Stephanie Scobie and Jaymie Karena-Fryer

 

Gaelic Society Targe: New Edinburgh Gallery

This ceremonial shield was created for the Gaelic Society of New Zealand in 1881, as a symbol of their mission to defend the Gaelic language. The targe is constructed mostly of wood and leather, with a metal spike extending from the centre. It is embossed with Scottish thistles and the emblem of the Scottish national flag – the St Andrew’s Cross. The targe also has an inscription stating “Comunn Gharhealach, N.Z. 1881 Far Am Faigheadh Coigreach Baigh”, giving the date it was created as well as the society’s aim: “Far Shelter Foreigners’ Hospitality”. The targe, although created here in Dunedin, embodied the historic Scottish craftsmanship which arrived with the Scottish settlers.

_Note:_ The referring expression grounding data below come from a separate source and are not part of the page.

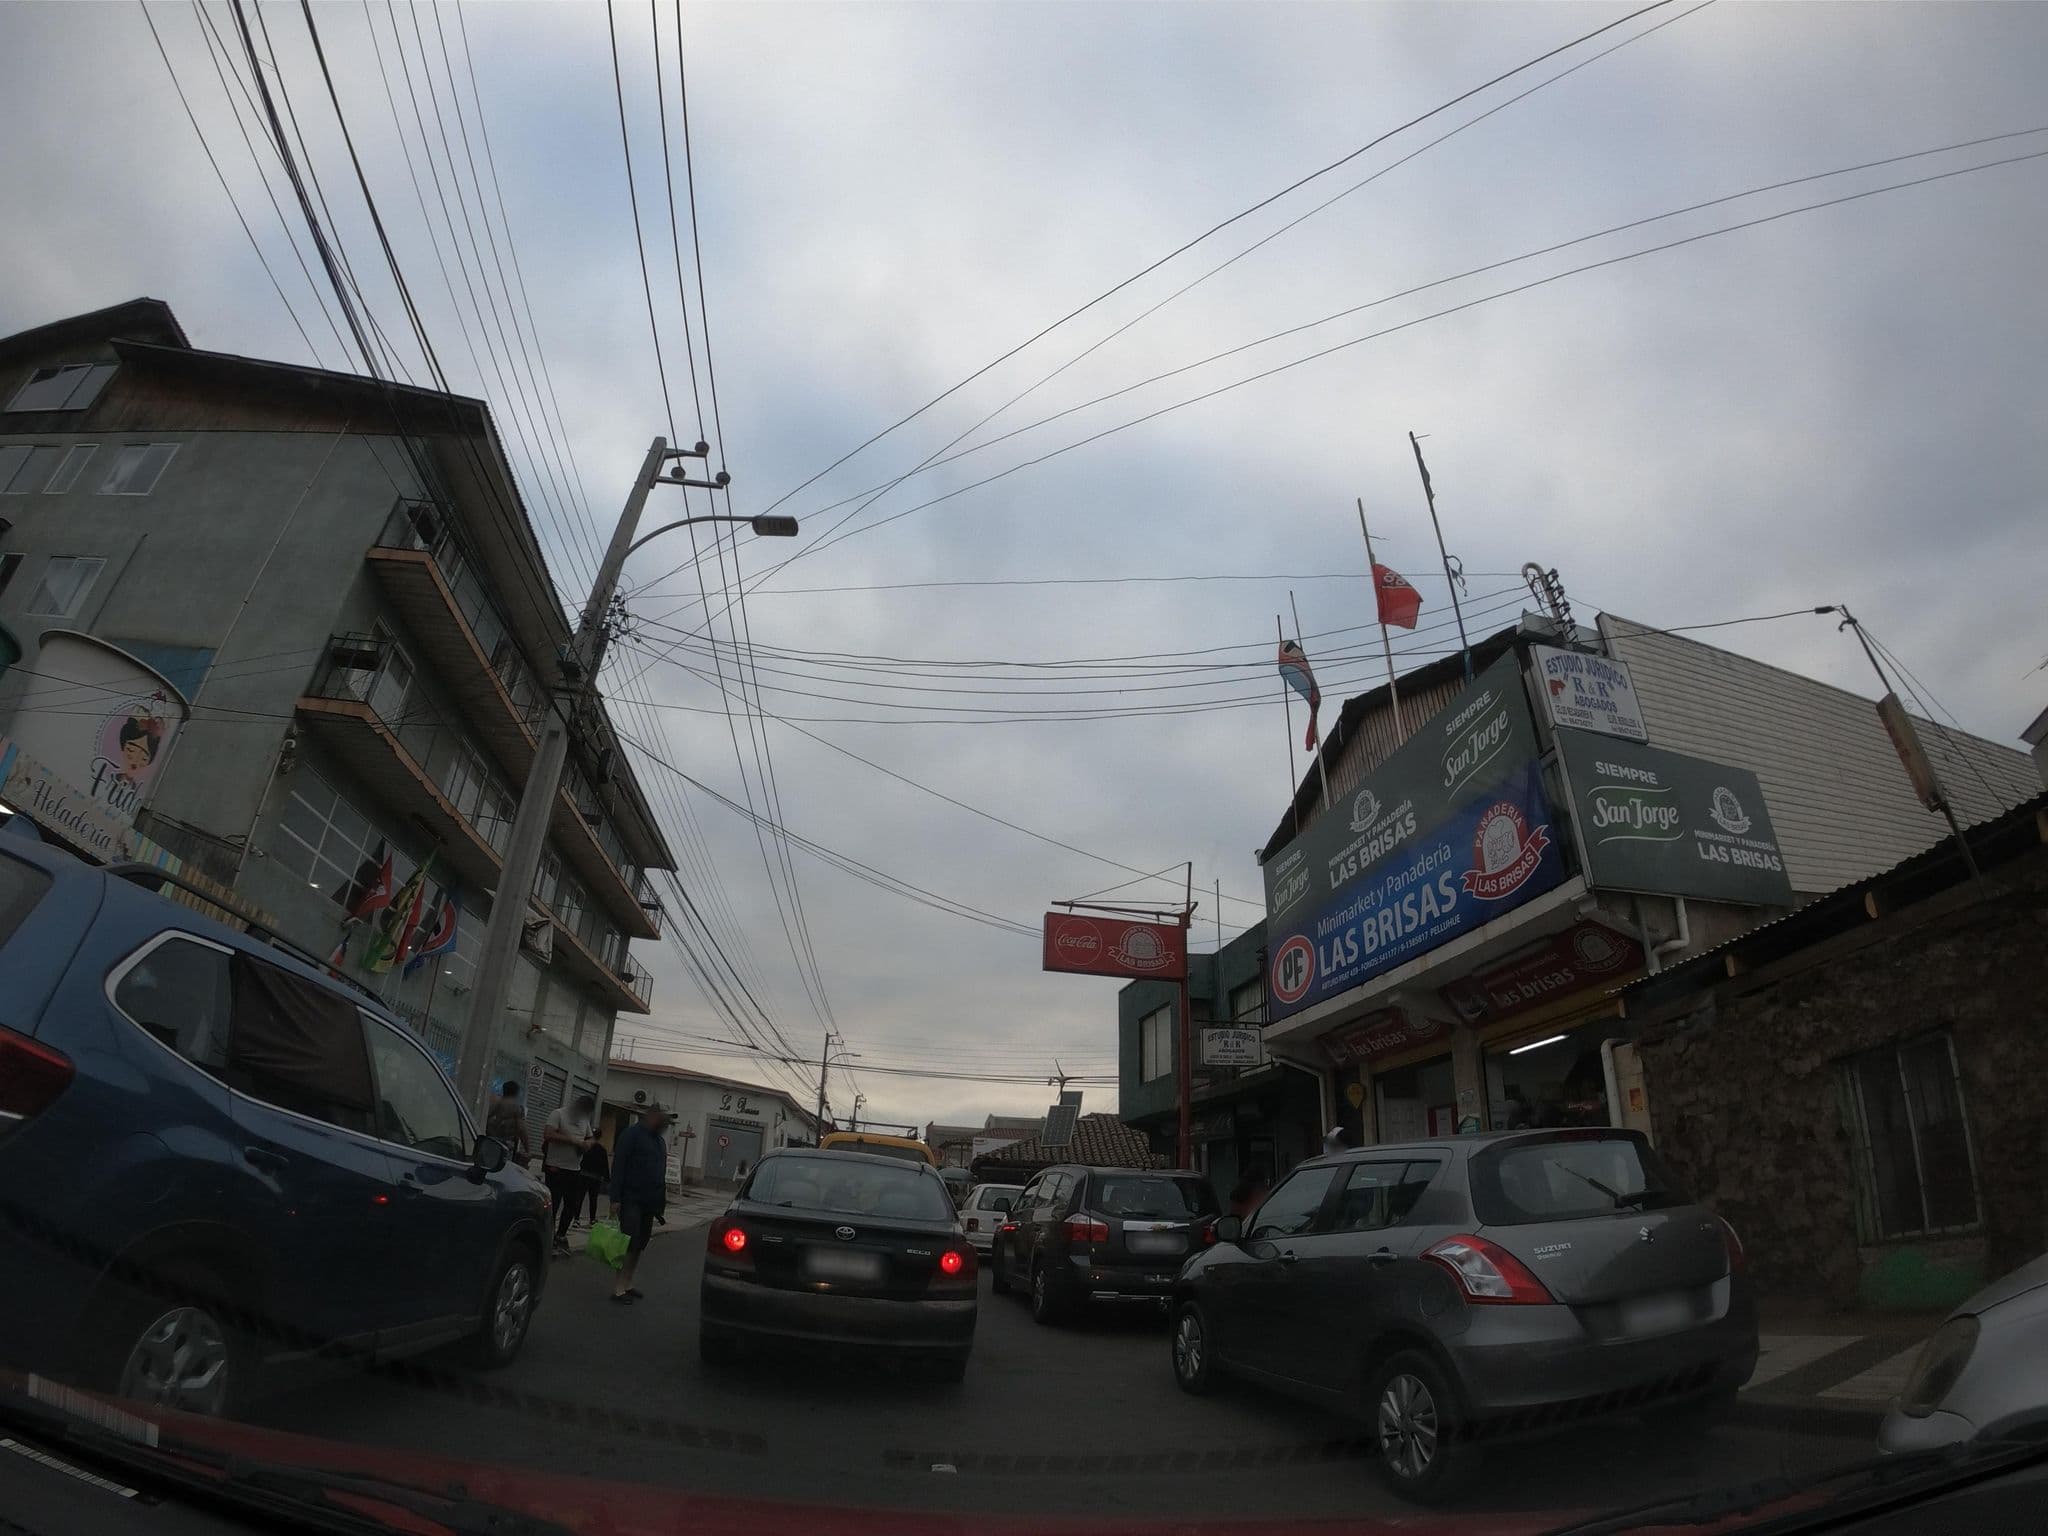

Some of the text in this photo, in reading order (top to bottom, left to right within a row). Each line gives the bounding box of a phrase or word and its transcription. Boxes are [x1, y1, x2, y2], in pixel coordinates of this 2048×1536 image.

[1546, 655, 1583, 674] ESTUDIO
[1446, 690, 1492, 735] SIEMPRE
[1574, 695, 1618, 712] ABOGADOS
[1444, 710, 1508, 788] San Jorge
[1595, 761, 1658, 785] SIEMPRE
[1592, 796, 1631, 828] San
[1629, 797, 1680, 830] Jorge
[1275, 849, 1303, 875] SIEMPRE
[1329, 812, 1416, 890] LAS BRISAS
[1697, 842, 1783, 872] LAS BRISAS
[1478, 851, 1535, 893] LAS BRISAS
[1272, 867, 1310, 913] San Jorge
[1317, 843, 1452, 939] Minimarket y Panadería
[1319, 870, 1457, 977] LAS BRISAS
[1430, 913, 1461, 936] PELLUHUE
[1120, 955, 1164, 968] LAS BRISAS
[1281, 947, 1304, 988] PF
[1490, 988, 1521, 1009] las
[1519, 967, 1575, 999] brisas
[1207, 1031, 1230, 1042] ESTUDIO
[1350, 1029, 1406, 1057] las brisas
[1533, 1242, 1572, 1254] SUZUKI
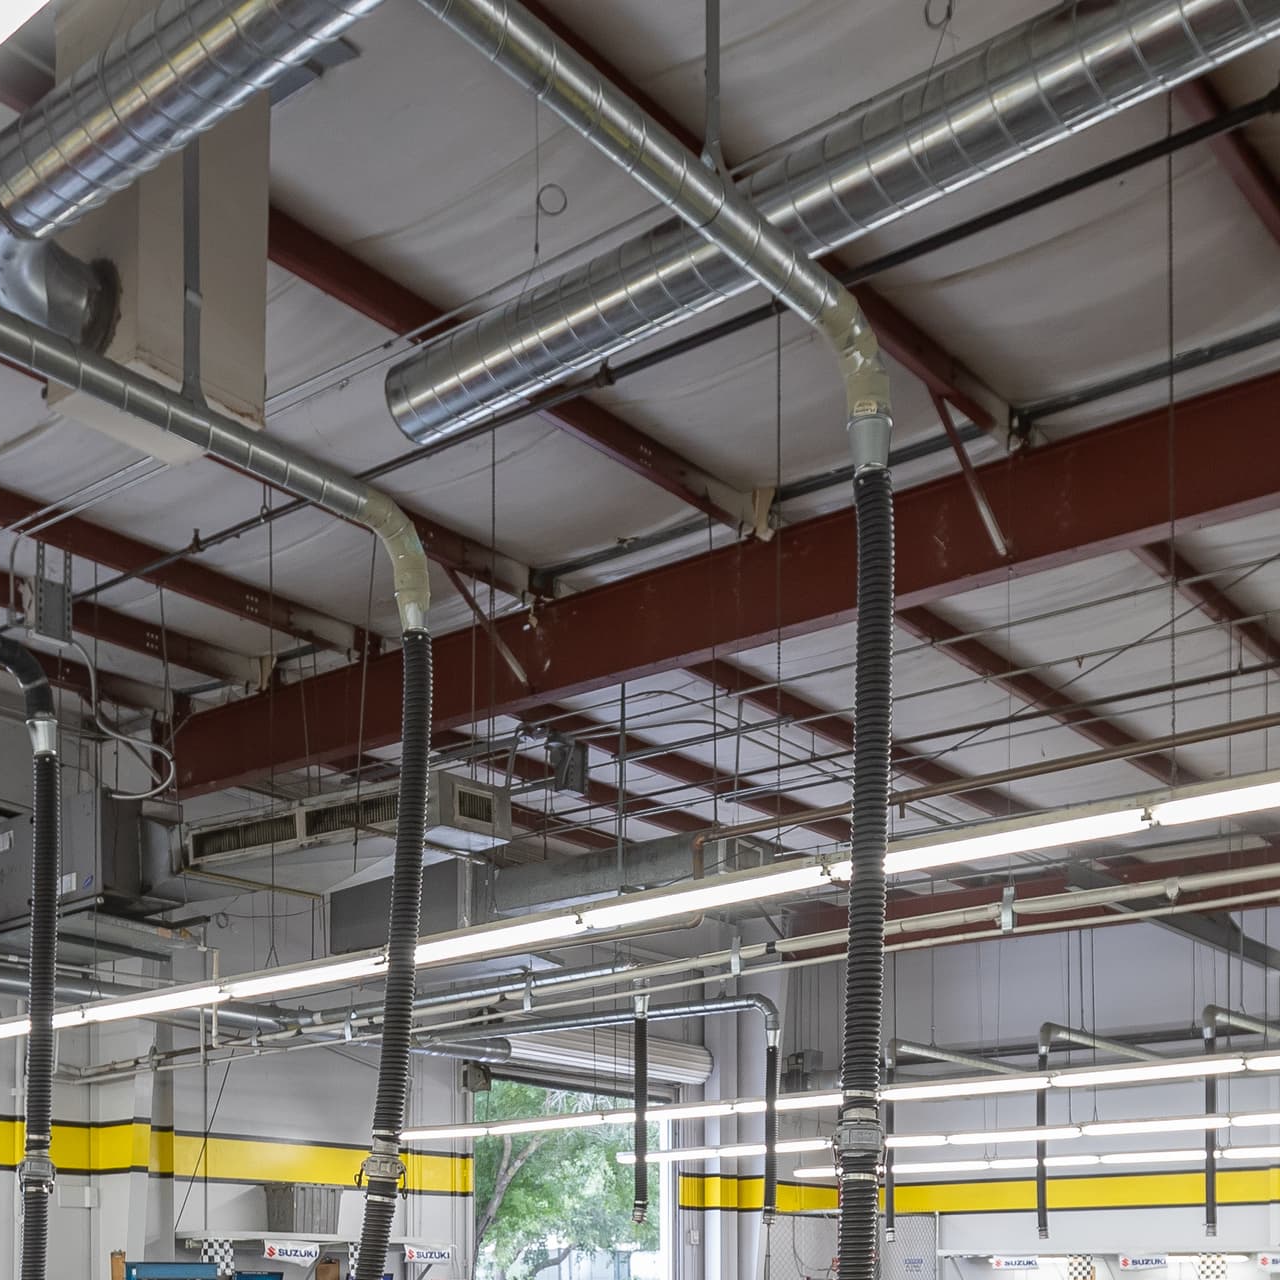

Gaelic Society Targe CS.3095-1, Toitu Otago Settlers Museum Archive

Gaelic Society Targe
CS.3095-1, Toitu Otago Settlers Museum Archive

The Gaelic Society was formed in Dunedin in 1881 to unite Scottish people. Its formation was met with unexpected success with over 400 Scots willing to become members. Traditionally the targe was used by clansmen in close combat as a shield, and also as stabbing tool. However, for the Society the targe was used for ceremonial purposes to show their commitment and determination to perpetuate the Gaelic language, literature, history, tradition of the Scottish highland, and to cultivate Highland music and dancing.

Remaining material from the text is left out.